Primary analysis will be performed using a mixed effects regression to estimate risk difference and risk ratios using trial group and time as the main covariate, with an interaction between them to allow change over time to vary between groups. Secondary outcomes will be analysed using the same methodological approach. Outcomes will also be reported descriptively as appropriate, e.g. proportion of participants per group reporting adverse events.
Sensitivity analyses of the impact of missing data will be conducted using multiple imputation, and under a range of ‘missing not at random’ scenarios (e.g. assumed success, assumed failure, last value carried forward). Sensitivity analysis will also be carried out to account for any new indication for use of the target high-risk medicine which is unrelated to the index condition.
Subgroup analyses will be performed on primary and secondary outcomes per i) medicine class (opioid analgesics, benzodiazepines and gabapentinoids or combinations of these) and ii) pain condition (back or neck pain or both).
A per protocol analysis involving a comparison of treatment groups including participants who adhered to the study intervention will be performed.
Health Economic Analyses
A within trial cost-effectiveness and cost-utility analysis will be conducted from the health care system perspective. Intervention-related costs (i.e. outreach visits, heat wrap therapy, diclofenac gel, physiotherapy sessions, patient education and training, time and financial costs of posting the heat wraps) will be collected using staff wage rate, trial financial records and site monitoring data to determine the stock of heat wraps and Diclofenac gel at GP clinic and provided to patients via express post-delivery at 1 year. Healthcare costs will be incorporated in the analysis, using administratively linked MBS, PBS and emergency department presentation and hospital admission costs, and patient-reported diaries for over-the-counter medicines. The health outcome measure will use PROMIS to estimate quality-adjusted-life years. To calculate the incremental cost-effectiveness ratio (ICER), linear mixed models will be used to analyse both costs and outcomes. An additional analysis will be conducted to compare the total PBS cost of analgesic medicines dispensed among patient-participants randomised to the intervention versus control over a one year period using the dispensed price for maximum quantity. The full economic analyses will be detailed in the statistical analysis plan.
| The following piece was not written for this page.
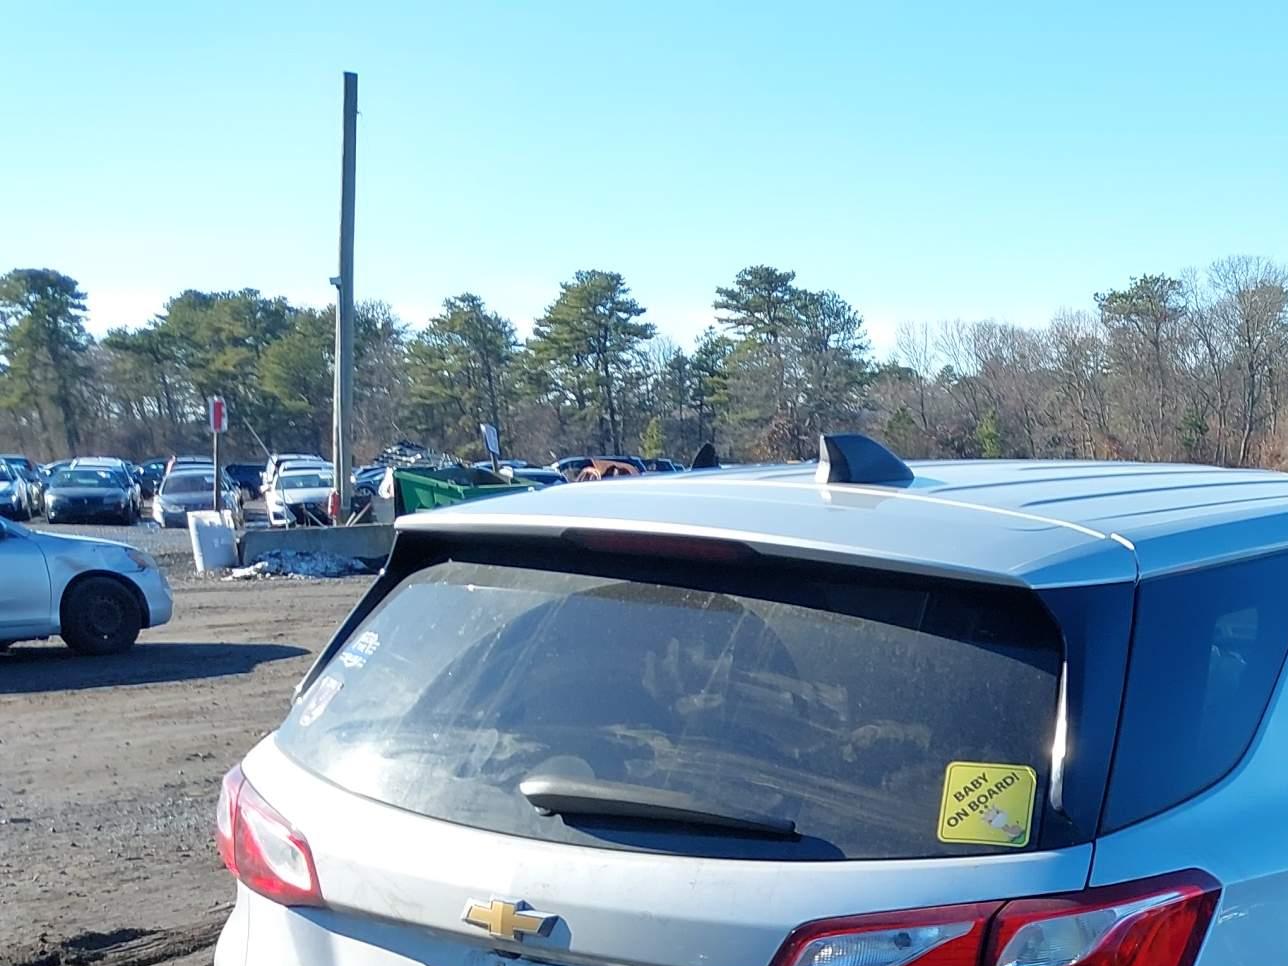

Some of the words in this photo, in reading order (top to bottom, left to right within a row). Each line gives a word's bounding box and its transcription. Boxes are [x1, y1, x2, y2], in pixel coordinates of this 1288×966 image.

As ~70% of the population of Australia is in urban areas, we will aim to match recruiting is the same proportion, with 70% from urban strata and 30% from regional/remote/very remote strata. This gives a target sample size of n = 21 sites in each of the urban strata, and n = 9 sites in each of the three regional/remote/very remote strata. To reduce potential disparity in the number of practices assigned to the intervention or usual care control, while maintaining allocation concealment, we will use randomly varying blocks of size 2 and 4. To allow greater recruitment from some strata than others without exhausting the randomisation schedule, schedules of n = 40 will be generated for each stratum (that is, a maximum of n = 40 clusters can be randomised to any particular combination of SEIFA and remoteness).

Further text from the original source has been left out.